When I was young, our school organized a Children’s Day performance, and every girl needed a hand-sewn flower skirt.
Everyone has a desire to look good, and seeing other girls wearing beautiful skirts to school before the performance made me envious and disgruntled because my mom was too busy to buy one for me.
But as time passed, this emotion gradually turned into jealousy, and I felt like others were intentionally showing off when they wore skirts. Only when a similar flower skirt was hung on our balcony did this feeling finally disappear.
Later, I realized that if jealousy isn’t effectively vented and controlled, it can escalate into hatred, leading people down the wrong path in life.
The Japanese mystery novelist Keigo Higashino wrote about a transition from jealousy to hatred, ultimately becoming a tragic human nature exposé.

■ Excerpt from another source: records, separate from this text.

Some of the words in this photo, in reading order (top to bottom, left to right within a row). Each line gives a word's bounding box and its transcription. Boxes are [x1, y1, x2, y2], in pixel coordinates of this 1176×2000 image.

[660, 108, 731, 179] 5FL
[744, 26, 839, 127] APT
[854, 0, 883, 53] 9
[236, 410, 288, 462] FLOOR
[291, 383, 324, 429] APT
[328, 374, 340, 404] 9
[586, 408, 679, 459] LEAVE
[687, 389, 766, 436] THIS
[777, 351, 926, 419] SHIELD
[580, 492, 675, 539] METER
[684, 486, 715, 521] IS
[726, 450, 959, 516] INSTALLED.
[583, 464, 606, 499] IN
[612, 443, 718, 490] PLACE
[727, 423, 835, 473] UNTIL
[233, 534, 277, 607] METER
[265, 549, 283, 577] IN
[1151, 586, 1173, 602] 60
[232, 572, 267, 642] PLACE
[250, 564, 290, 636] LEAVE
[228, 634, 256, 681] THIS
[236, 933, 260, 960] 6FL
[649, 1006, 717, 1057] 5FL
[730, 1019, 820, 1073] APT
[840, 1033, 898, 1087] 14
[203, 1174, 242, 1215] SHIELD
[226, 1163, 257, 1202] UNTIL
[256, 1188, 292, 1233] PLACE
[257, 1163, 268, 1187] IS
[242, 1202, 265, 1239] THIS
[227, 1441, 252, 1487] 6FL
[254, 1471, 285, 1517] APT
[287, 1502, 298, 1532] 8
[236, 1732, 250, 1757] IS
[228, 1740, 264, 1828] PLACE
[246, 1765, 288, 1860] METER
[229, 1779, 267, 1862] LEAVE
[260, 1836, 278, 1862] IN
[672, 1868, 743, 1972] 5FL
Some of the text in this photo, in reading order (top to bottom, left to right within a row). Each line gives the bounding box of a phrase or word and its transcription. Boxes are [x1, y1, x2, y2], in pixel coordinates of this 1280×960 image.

Renowned author Seiichi Numata was murdered. After an investigation, it was discovered that his friend, Shinji Nonomura, was the killer. During the interrogation, Nonomura revealed a shocking secret:
All of Seiichi Numata’s works were ghostwritten by him. Numata stole his writing achievements, gaining fame and fortune, while Nonomura couldn’t even get credited, which sparked anger in his heart.

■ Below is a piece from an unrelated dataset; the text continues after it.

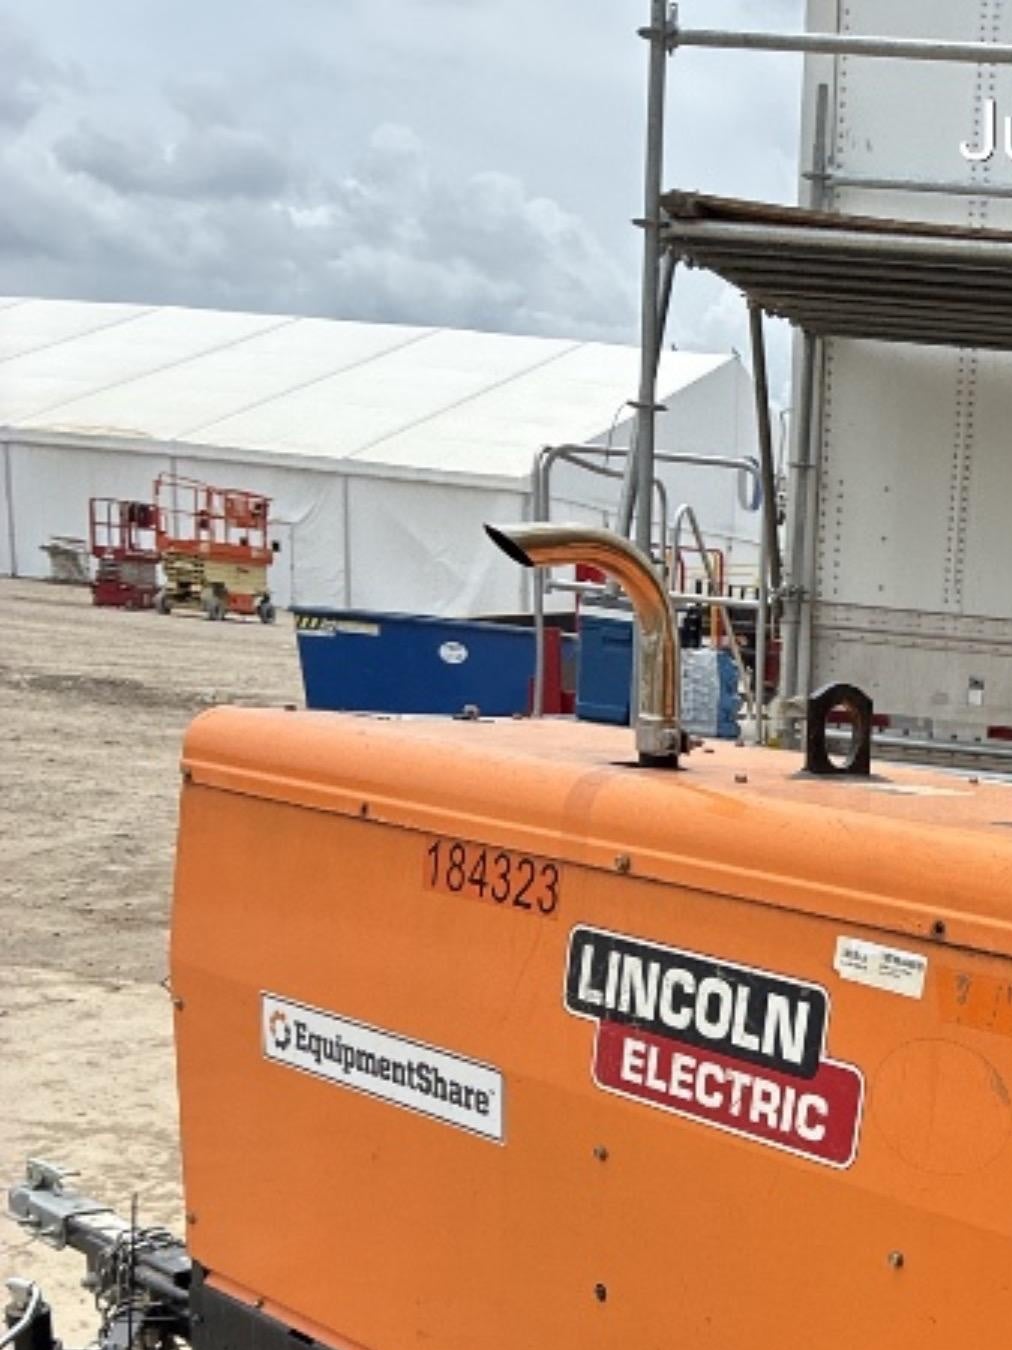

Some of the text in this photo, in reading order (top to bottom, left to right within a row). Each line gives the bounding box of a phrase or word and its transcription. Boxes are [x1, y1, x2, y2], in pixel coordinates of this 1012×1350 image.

[427, 842, 560, 914] 184323
[577, 945, 810, 1062] LINCOLN
[294, 1021, 491, 1118] EquipmentShare
[619, 1038, 828, 1142] ELECTRIC

When the news spread, the killer became a sympathetic figure, while Seiichi Numata was despised. Many people even thought he deserved to die.
However, Detective Kaga, responsible for the case, discovered suspicious clues during a series of investigations.

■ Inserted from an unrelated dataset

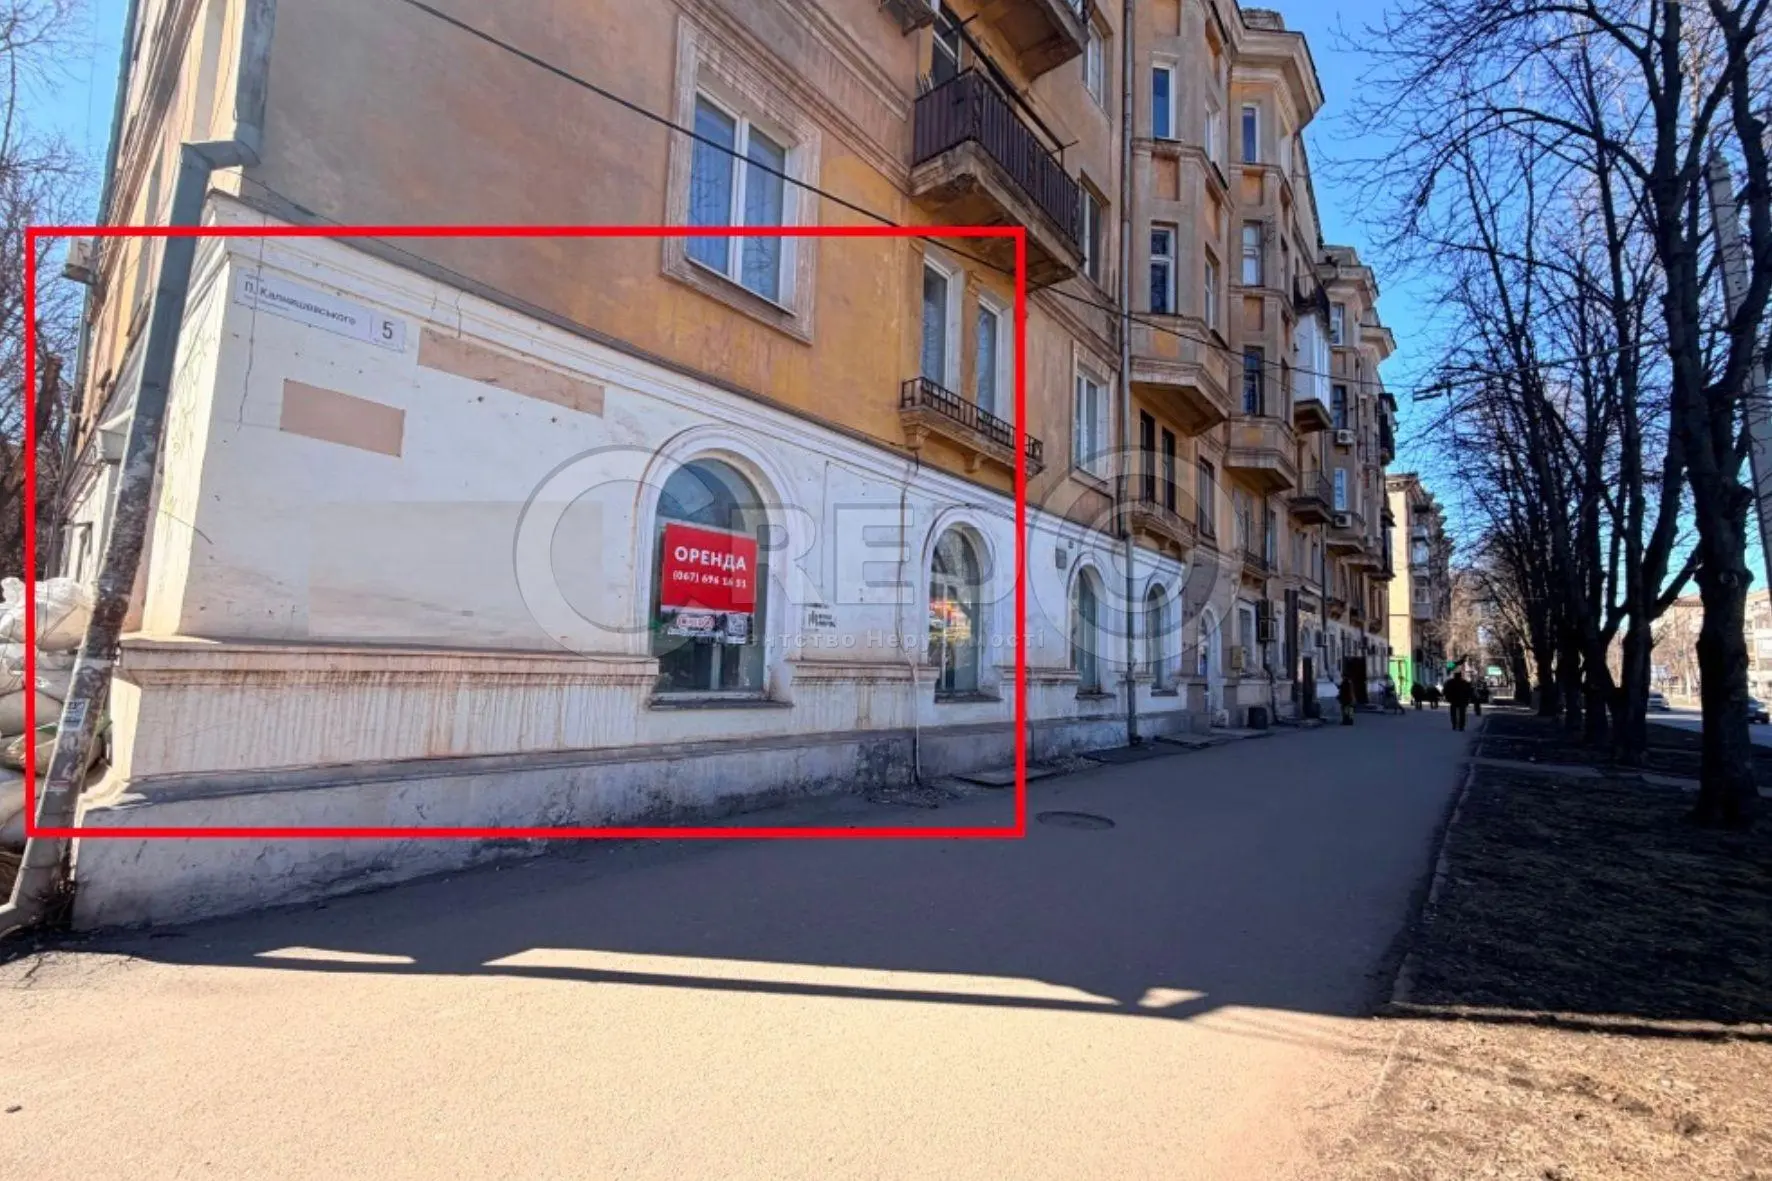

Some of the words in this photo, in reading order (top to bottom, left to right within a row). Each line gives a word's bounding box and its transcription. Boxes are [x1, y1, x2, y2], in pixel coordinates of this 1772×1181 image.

[381, 320, 394, 340] 5
[674, 545, 747, 573] ОРЕНДА
[672, 569, 700, 584] (067)
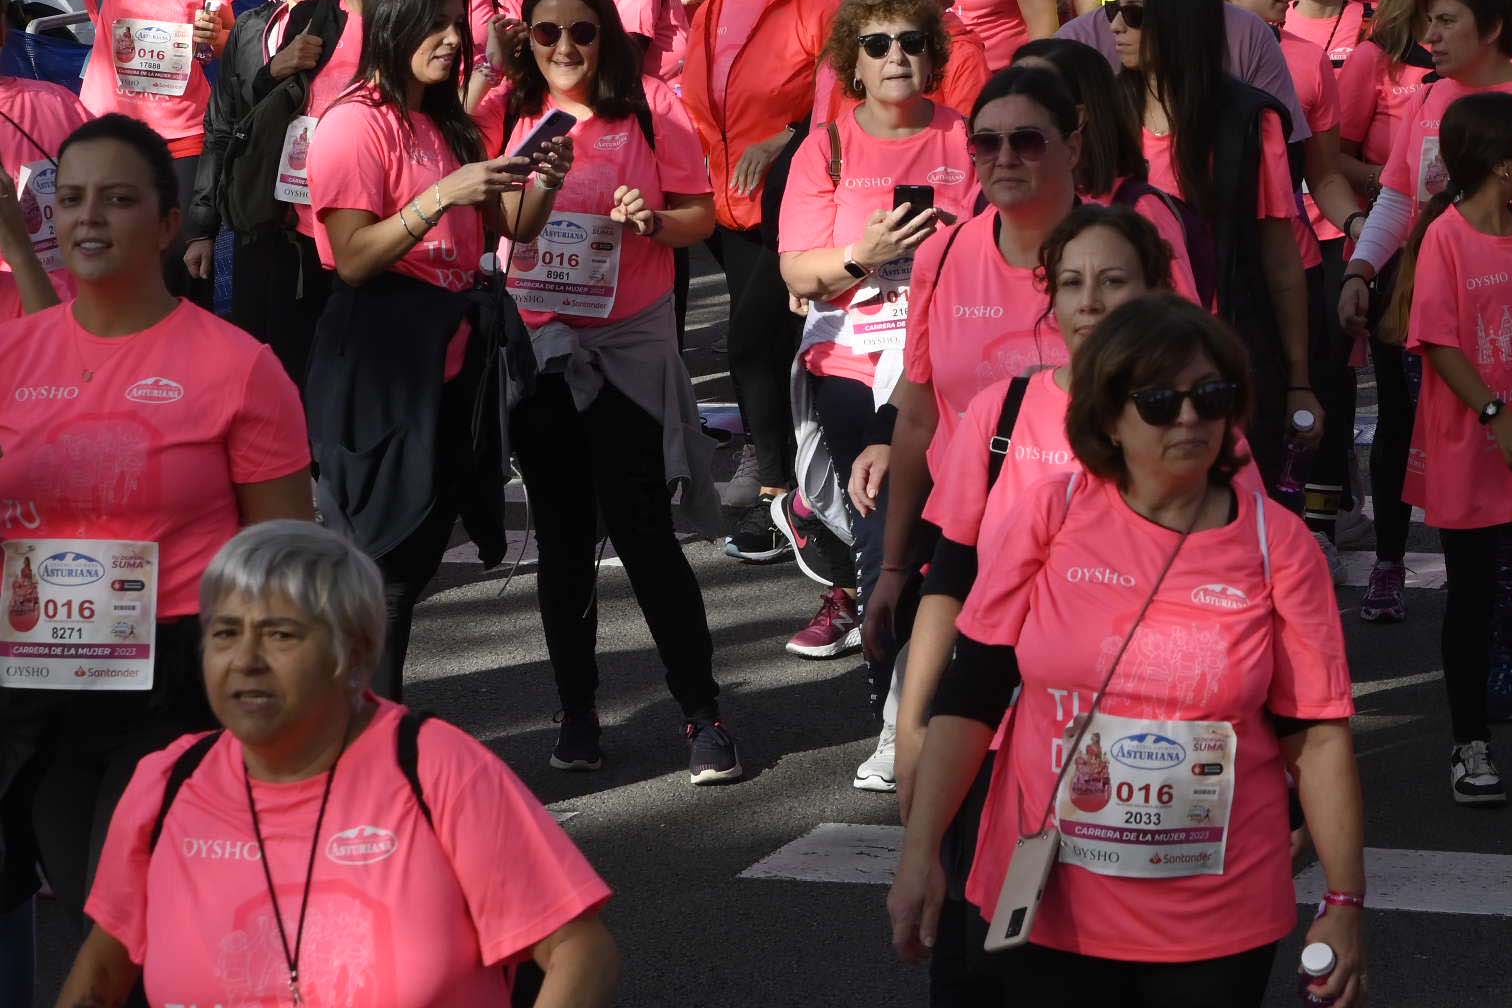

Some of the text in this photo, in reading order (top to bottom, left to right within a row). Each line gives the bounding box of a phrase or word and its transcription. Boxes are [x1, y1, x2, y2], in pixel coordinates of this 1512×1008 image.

It turned out that everything Nonomura presented was fabricated. He and Seiichi Numata were middle school classmates. Nonomura moved from the city to a small town due to his father’s job transfer, and everything around him felt unfamiliar.
To make matters worse, their school often had violent incidents, and Nonomura and Seiichi Numata were bullying victims.
However, their reactions to this situation were different. Nonomura became a helper in the bullying to fit in, while Seiichi Numata remained steadfast in his principles.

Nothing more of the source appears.